Start with human rights for prisoners-Prachatai

January 23, 2012

[FACT comments: These are pretty basic reforms posing no danger to so-called ‘national security’ but raising Thailand’s credibility for democracy. Does Thailand want the rule of law or not? So far, both politicians and the military have said they don’t by their actions. It’s time for more than cosmetic change.]

Clean Up the Act Now

Frank G Anderson

Prachatai: January 19, 2012


Given the tremendous negative image and loss of reputation Thailand has engendered over the last five or six years arising from vigorous prosecution of lese majesté cases and cases under the Computer  Crime Act, it seems behooving to the state and government to at least clean up the lese majesté act so as to resemble, in international public opinion and in conformance with international agreements Thailand has already signed, a more civilized process. Right now minimal “adjustments” can easily be made that would at least offer a semblance of demonstrated respect for human decency and human rights, and illustrate Buddhist dharma. The following steps could be taken now.

1. Discard the use of shackles on lese majesté accused and convicted. Shackle and chain use visibly emphasizes what is seen as inhuman treatment and unnecessary restriction of physical movement.

2. Across the board always permit bail, other than when it is clearly demonstrated post-facto that the accused will flee. Restraining accused in remand for weeks while his or her rights would be duly protected through defense preparations on bail is hardly reasonable.

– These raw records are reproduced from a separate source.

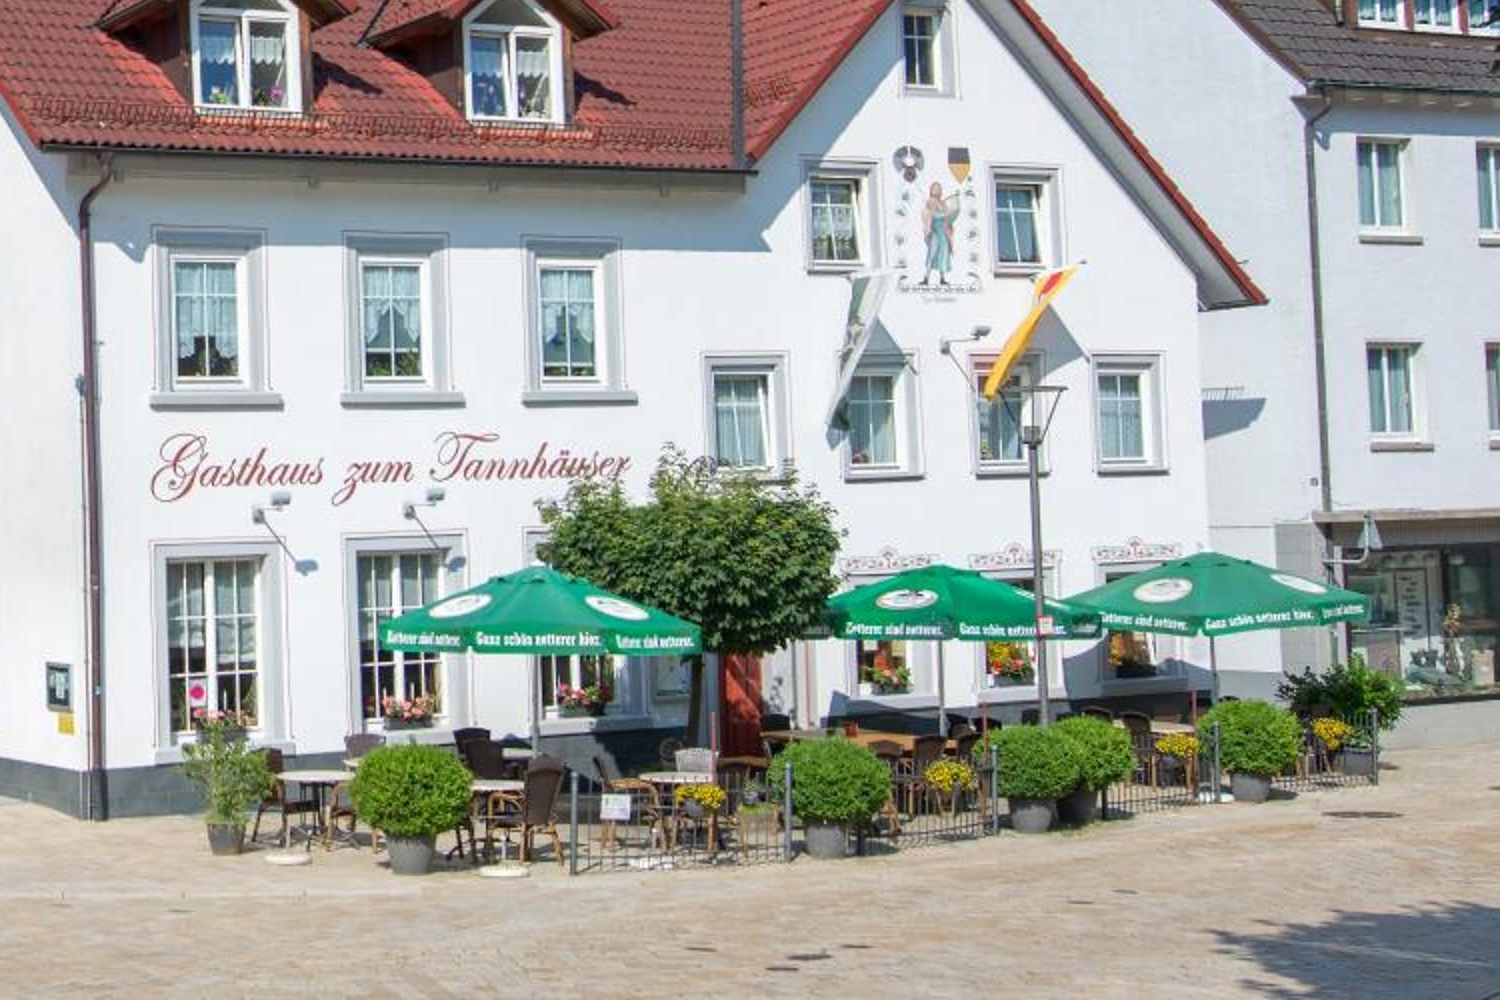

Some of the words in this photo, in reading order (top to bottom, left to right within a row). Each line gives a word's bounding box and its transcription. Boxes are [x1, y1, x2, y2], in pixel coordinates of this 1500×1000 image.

[149, 431, 325, 503] Gasthaus
[331, 459, 414, 507] zum
[428, 430, 632, 483] Tannhäuser
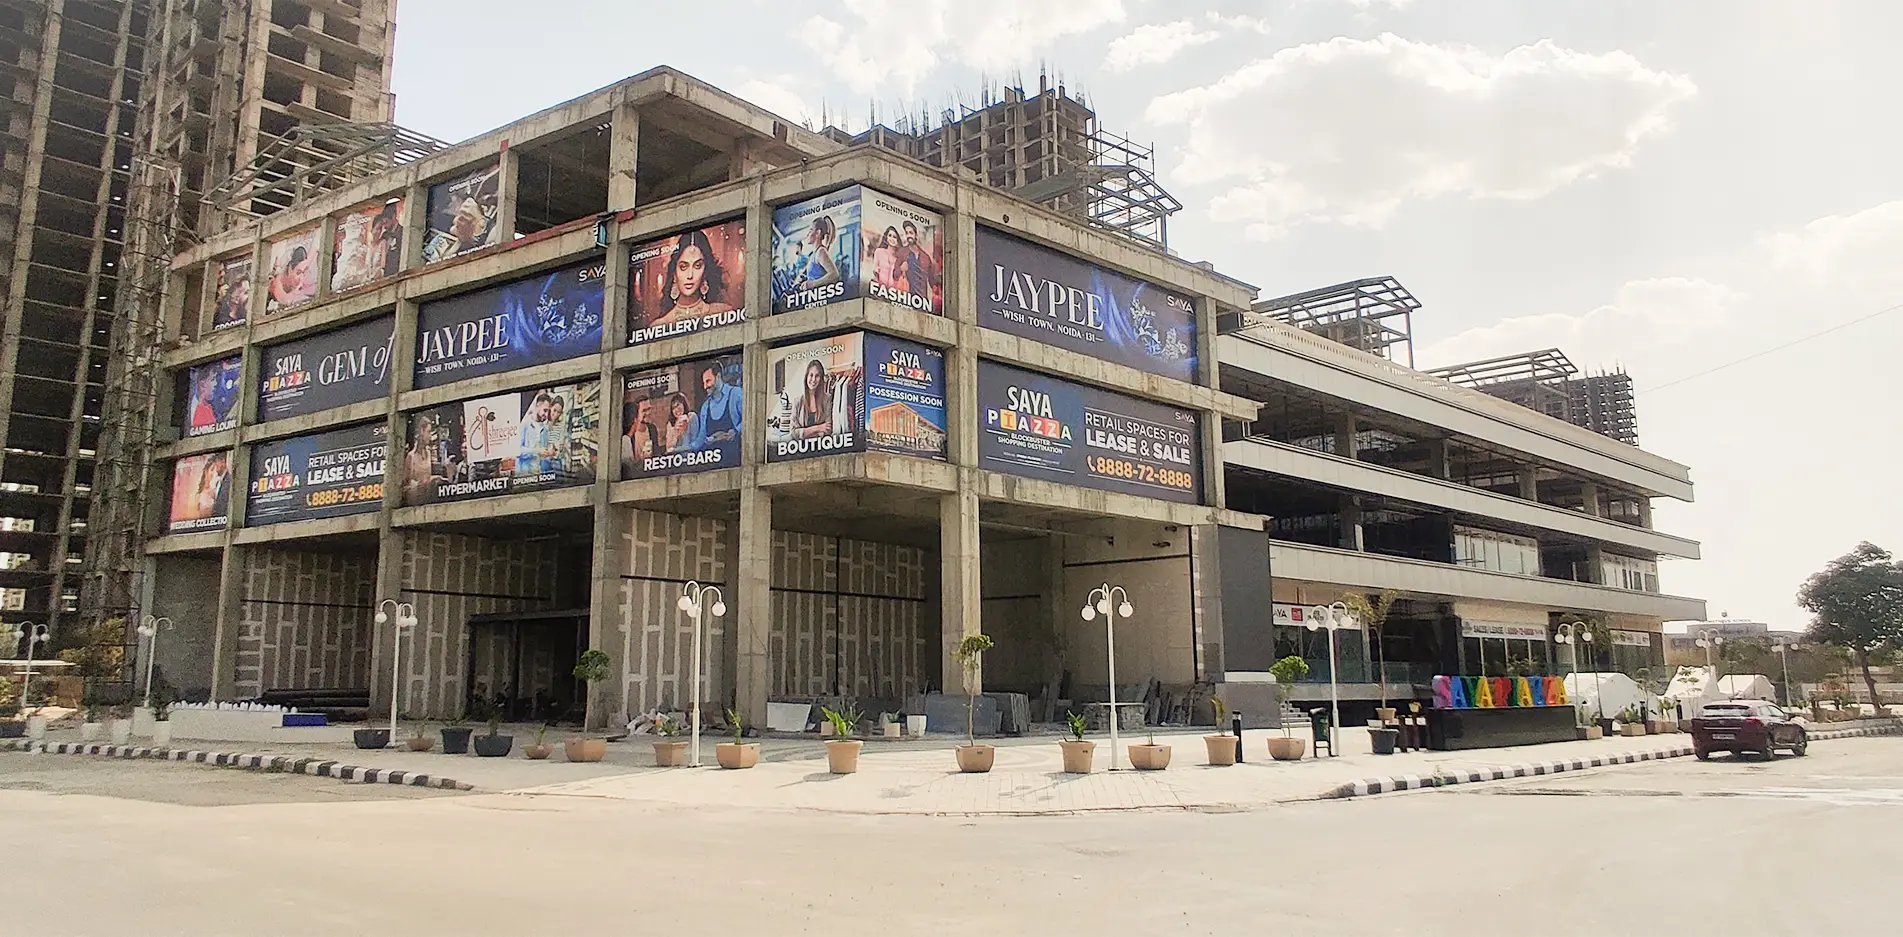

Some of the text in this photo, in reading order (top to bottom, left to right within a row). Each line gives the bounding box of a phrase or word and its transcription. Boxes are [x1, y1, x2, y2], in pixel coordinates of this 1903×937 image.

[822, 199, 843, 211] SOON
[875, 200, 930, 225] OPENING SOON
[631, 243, 680, 261] OPENING SOON
[786, 281, 845, 309] FITNESS
[804, 301, 828, 310] CENTER
[869, 280, 933, 312] FASHION
[990, 264, 1105, 330] JAYPEE
[1167, 295, 1194, 314] SAYA
[1002, 309, 1025, 324] WISH
[417, 313, 510, 364] JAYPEE
[628, 318, 702, 344] JEWELLERY
[318, 328, 395, 386] GEM of
[822, 344, 845, 356] SOON
[891, 350, 921, 369] SAYA
[275, 353, 302, 376] SAYA
[425, 364, 442, 374] WISH
[879, 363, 933, 382] PIAZZA
[262, 371, 312, 393] PIAZZA
[627, 373, 677, 389] OPENING SOON
[869, 386, 943, 407] POSSESSION SOON
[1007, 386, 1053, 419] SAYA
[986, 407, 1072, 441] PIAZZA
[1084, 411, 1190, 446] RETAIL SPACES FOR
[1174, 411, 1196, 424] SAYA
[190, 423, 215, 437] GAMING
[1011, 433, 1051, 446] BLOCKBUSTER
[777, 432, 854, 456] BOUTIQUE
[997, 436, 1063, 454] SHOPPING DESTINATION
[1086, 428, 1191, 465] LEASE & SALE
[263, 455, 290, 477] SAYA
[308, 456, 336, 468] RETAIL
[338, 448, 370, 463] SPACES
[643, 449, 722, 472] RESTO-BARS
[251, 473, 300, 493] PIAZZA
[307, 460, 386, 485] LEASE & SALE
[1096, 456, 1193, 489] 8888-72-8888
[438, 473, 556, 497] HYPERMARKET OPENING SOON
[1432, 675, 1495, 709] SAYA

3. Formerly instruct all state officials to cease and desist form interfering in the criminal prosecution process by never counseling the accused to plead guilty or otherwise encourage them to admit guilt.

4. Provide the accused with proper and adequate legal counsel by attorneys, or at least the immediate opportunity to solicit their own, lawyers are not afraid to challenge the lese majesté accusations and the process then currently used to investigate them.

5. Fairly assess the claimed linkage between lese majesté and national security with the objective of reaching a non-military view as to just how the two qualities are related and whether, in fact, deemed defamation or insult really presents any kind of threat to national security. To date the claimed links have been spurious and unsubstantiated other than in vague references to links between the institution and national security.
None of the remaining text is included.